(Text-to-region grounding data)
============

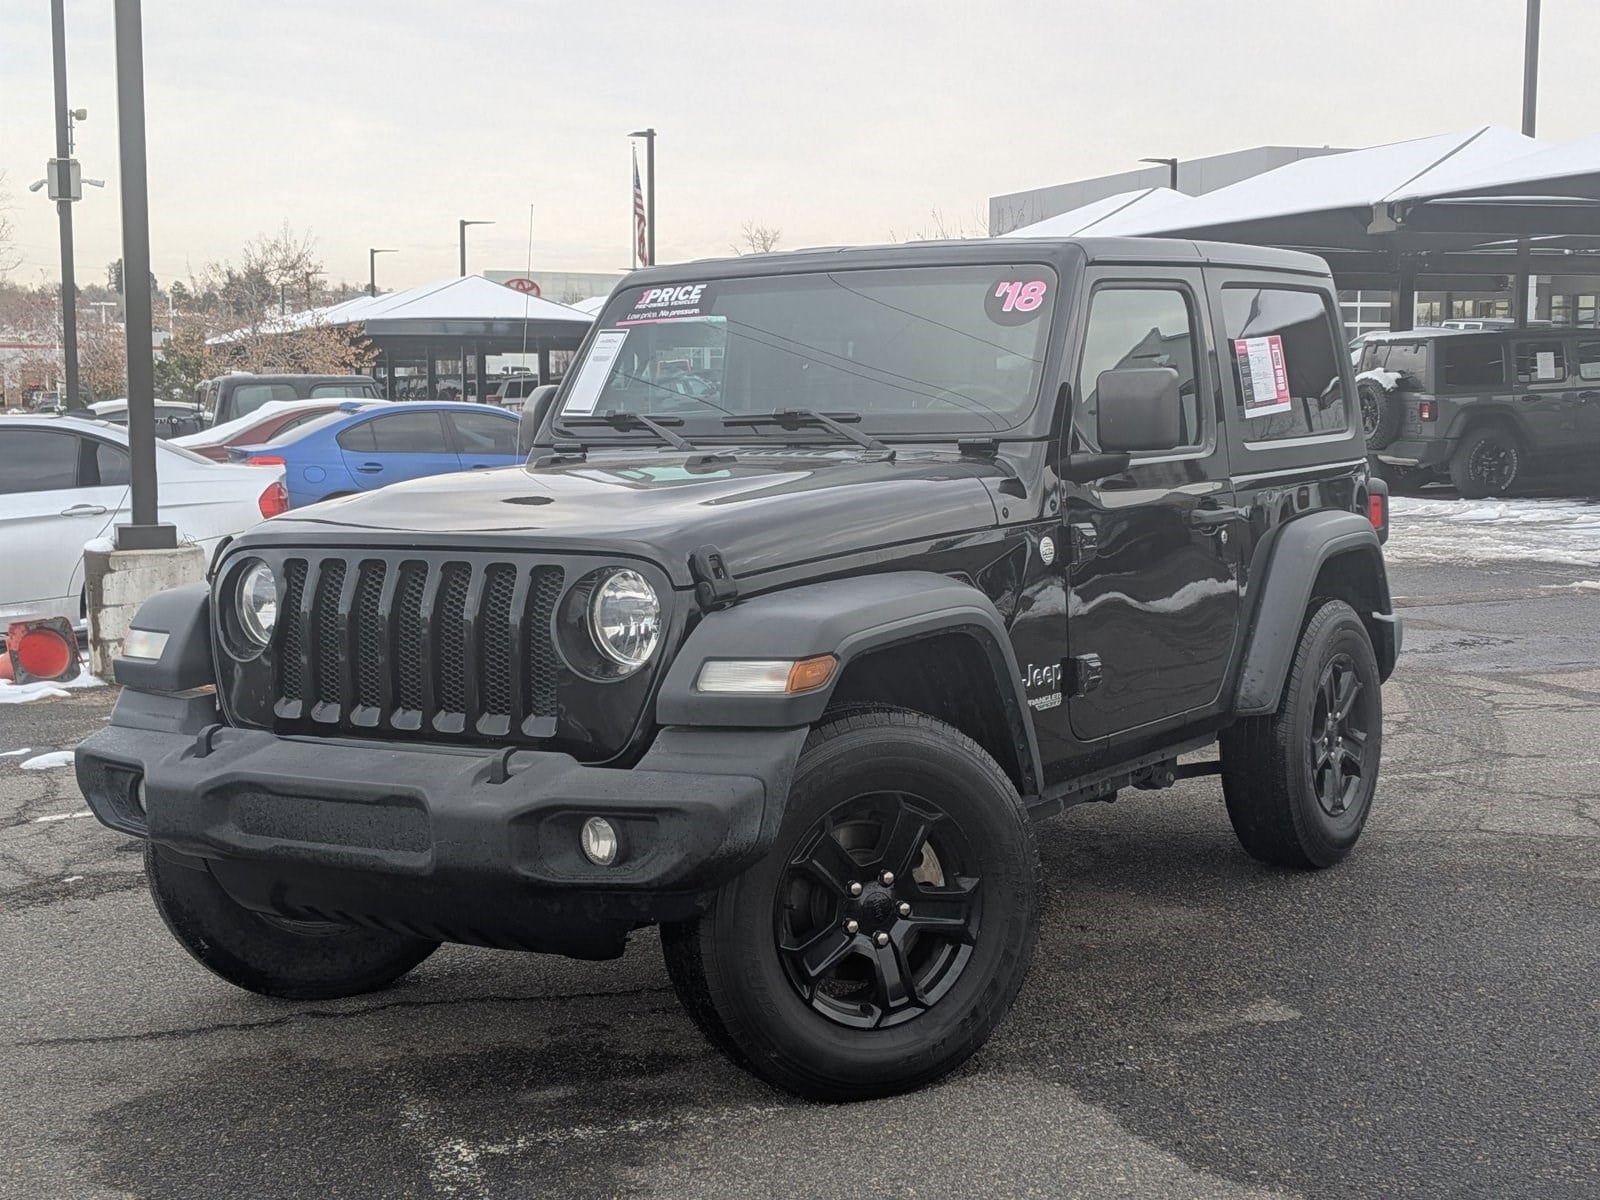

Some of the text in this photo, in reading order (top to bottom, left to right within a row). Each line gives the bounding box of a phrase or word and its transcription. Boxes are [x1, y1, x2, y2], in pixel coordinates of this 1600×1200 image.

[627, 312, 641, 320] Low
[658, 309, 669, 318] No
[1021, 663, 1061, 690] Jeep
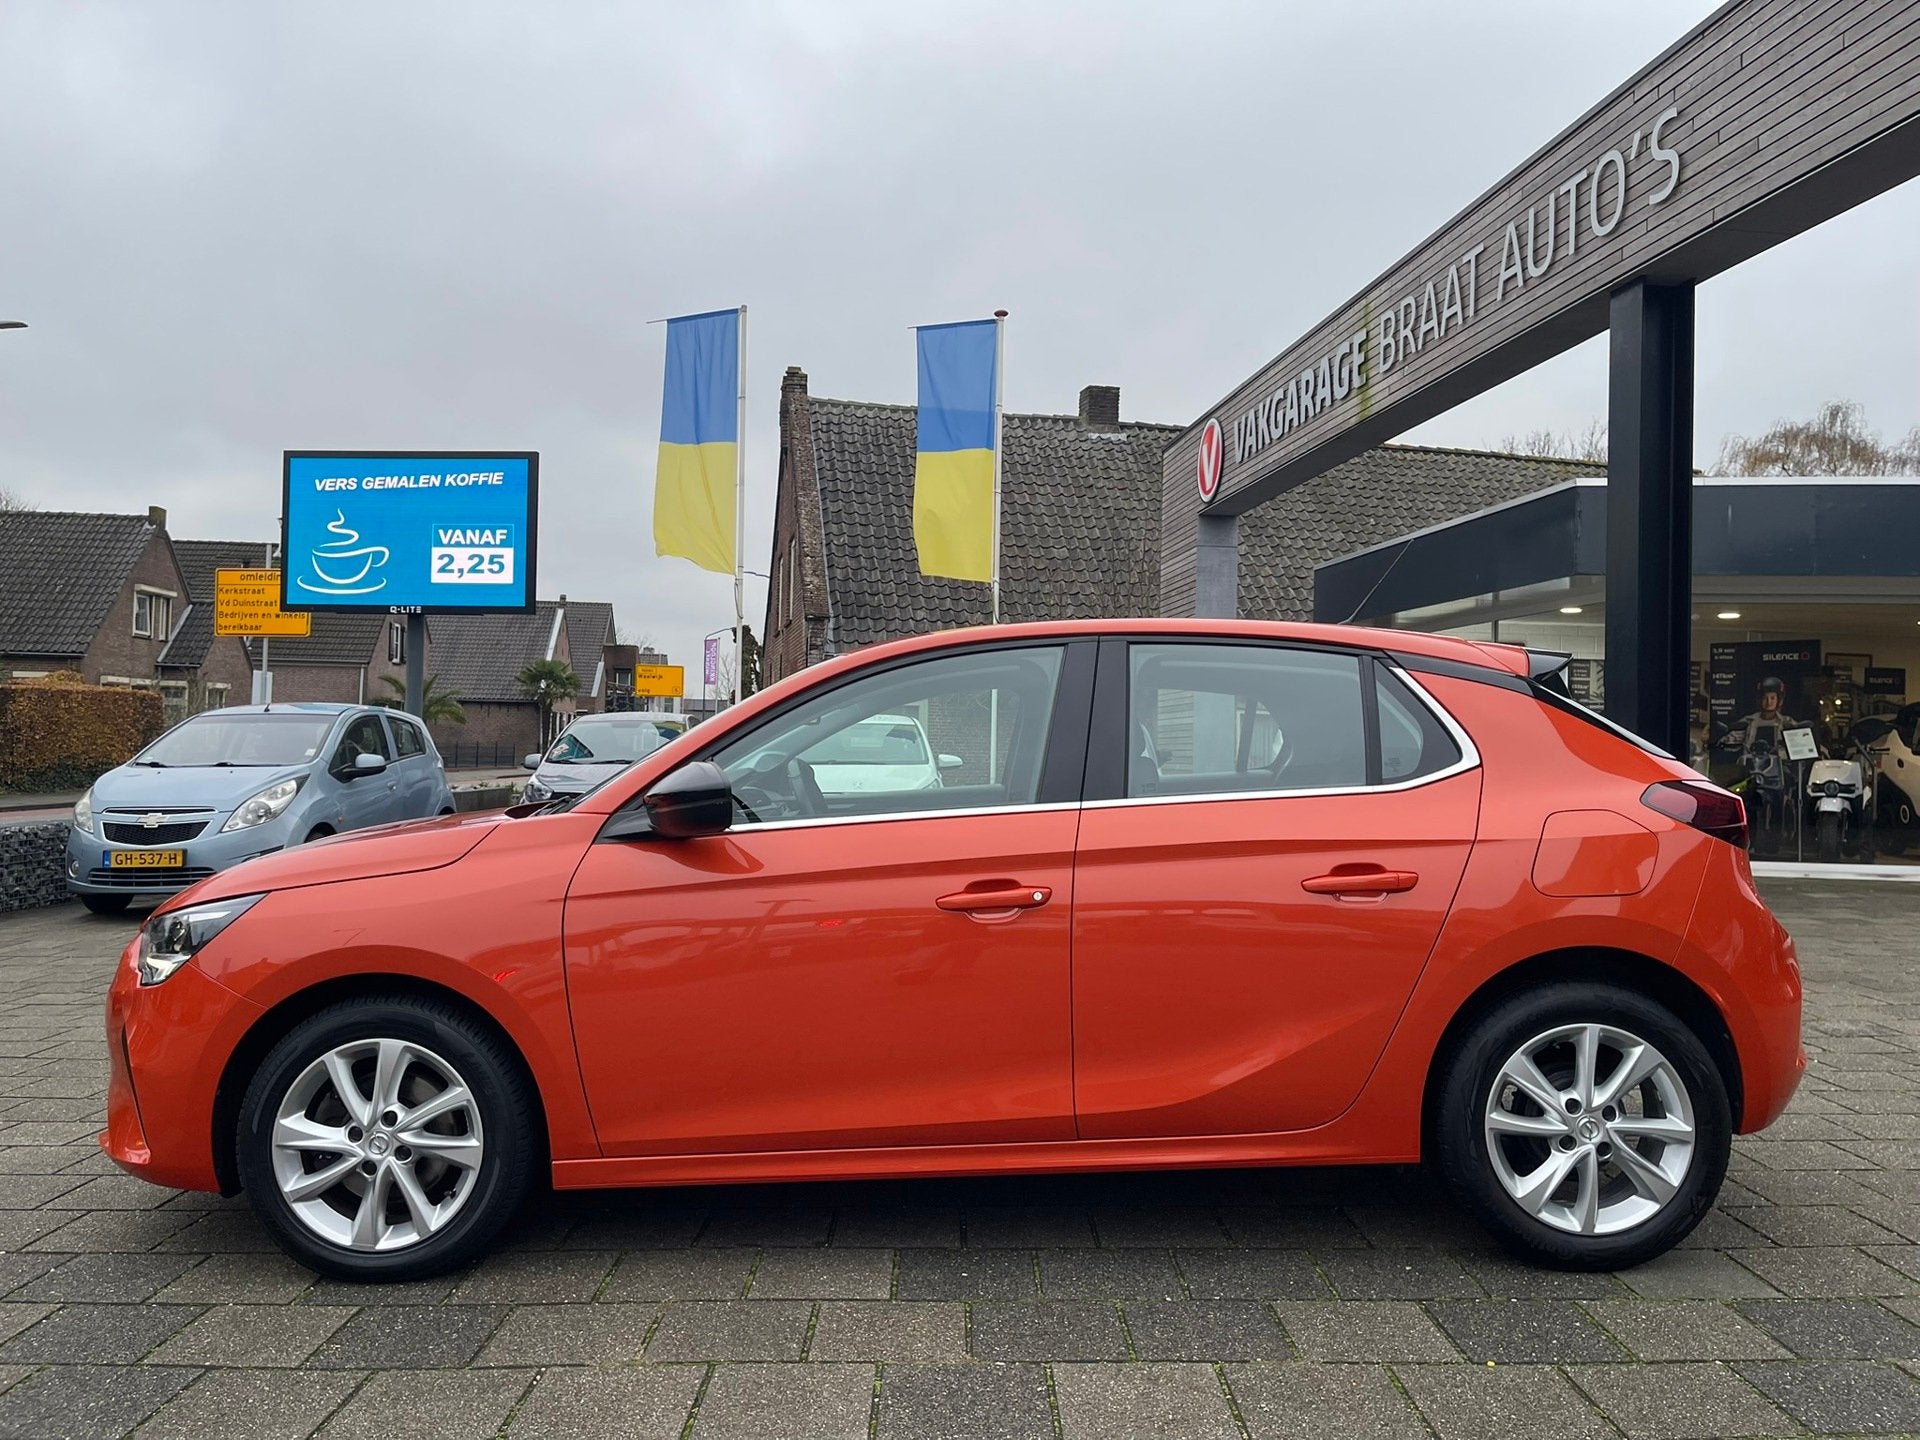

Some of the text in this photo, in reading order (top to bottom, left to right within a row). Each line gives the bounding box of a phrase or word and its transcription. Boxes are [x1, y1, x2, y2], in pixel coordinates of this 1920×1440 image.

[1234, 107, 1681, 464] VAKGARAGE BRAAT AUTO'S
[315, 472, 504, 491] VERS GEMALEN KOFFIE
[438, 529, 508, 545] VANAF
[436, 553, 506, 578] 2,25
[240, 572, 281, 581] omleidin
[218, 587, 265, 595] Kerkstraat
[218, 611, 259, 620] Bedrijven
[1762, 653, 1800, 661] SILENCE
[115, 853, 177, 865] GH-537-H

============

▶ _Task to carry out_: Write out the entries above word for word. Do not include the pictures.

▶ _Solution to this task_:
Some of the text in this photo, in reading order (top to bottom, left to right within a row). Each line gives the bounding box of a phrase or word and its transcription. Boxes are [x1, y1, x2, y2], in pixel coordinates of this 1600×1200 image.

[627, 312, 641, 320] Low
[658, 309, 669, 318] No
[1021, 663, 1061, 690] Jeep

Some of the text in this photo, in reading order (top to bottom, left to right within a row). Each line gives the bounding box of a phrase or word and its transcription. Boxes are [x1, y1, x2, y2], in pixel coordinates of this 1920×1440 image.

[1234, 107, 1681, 464] VAKGARAGE BRAAT AUTO'S
[315, 472, 504, 491] VERS GEMALEN KOFFIE
[438, 529, 508, 545] VANAF
[436, 553, 506, 578] 2,25
[240, 572, 281, 581] omleidin
[218, 587, 265, 595] Kerkstraat
[218, 611, 259, 620] Bedrijven
[1762, 653, 1800, 661] SILENCE
[115, 853, 177, 865] GH-537-H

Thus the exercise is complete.